Architectural fragment, Ballinlig, Co. Sligo
Co. Sligo |
Ritual/Ceremonial
In a field wall near Ballinlig, County Sligo, there was once a stone that nobody could quite explain.
Oval in shape, roughly the size of a large chopping board, with smooth rounded edges and a flat upper surface, it had been built into the entrance wall of a farmyard at some point before anyone thought to record it formally. What made it notable was a small, deliberate circular depression cut into one end of its upper face, a hollow too precise and too shallow to be accidental wear, and too modest to be ornamental in any obvious way. Whether it served a liturgical function, a domestic one, or something else entirely remains an open question, because the stone is gone.
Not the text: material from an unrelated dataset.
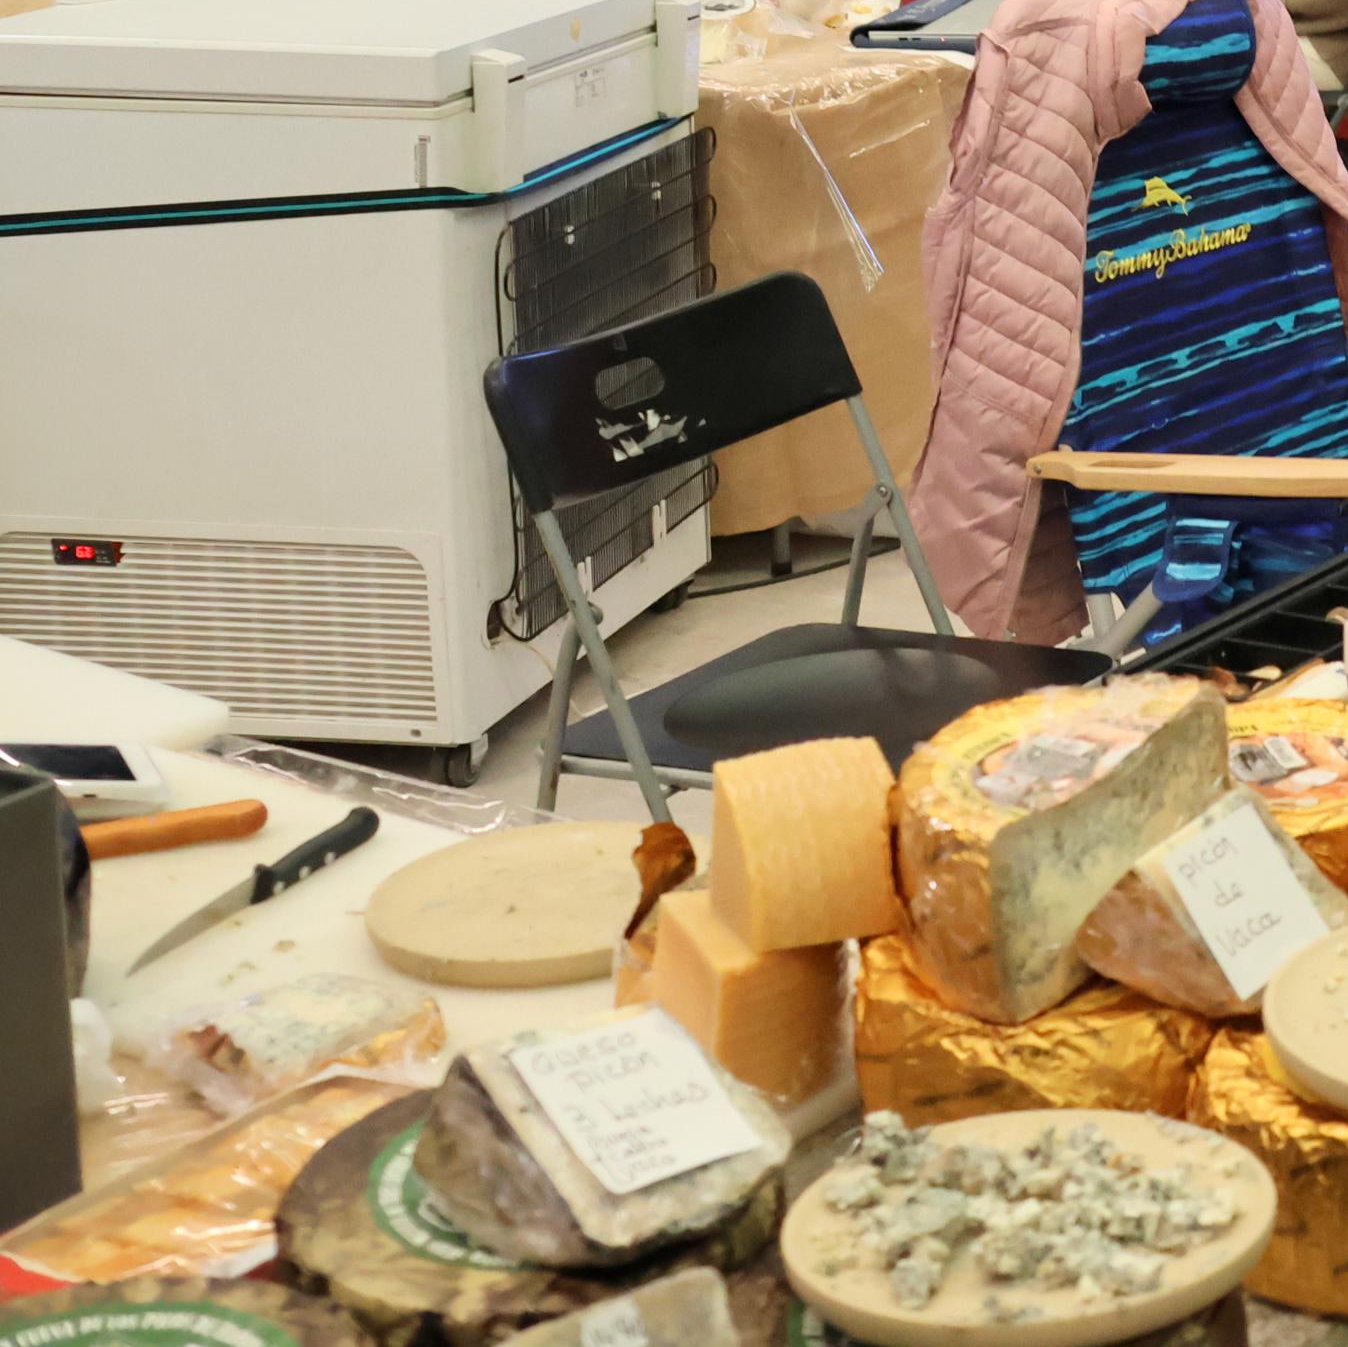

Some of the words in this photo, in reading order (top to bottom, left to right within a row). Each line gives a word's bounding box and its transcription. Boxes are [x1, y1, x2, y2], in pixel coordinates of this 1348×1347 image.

When it was recorded in 1994, the fragment measured approximately 0.42 metres by 0.31 metres, with a thickness of around 0.15 metres, and the depression was 0.18 metres in diameter and 0.09 metres deep. Its proximity to a possible Cistercian abbey, the remains of which lie a short distance to the northeast, gives at least one plausible context. The Cistercians, a monastic order that arrived in Ireland during the twelfth century and built in a characteristically austere Romanesque and early Gothic style, left behind architectural fragments at numerous sites across the country, many of which were later absorbed into field boundaries, farm buildings, and roads as convenient cut stone. This piece may have been one such fragment, repurposed long after the abbey it came from fell out of use. By 2004, it had disappeared from the wall entirely, and is believed to have been stolen.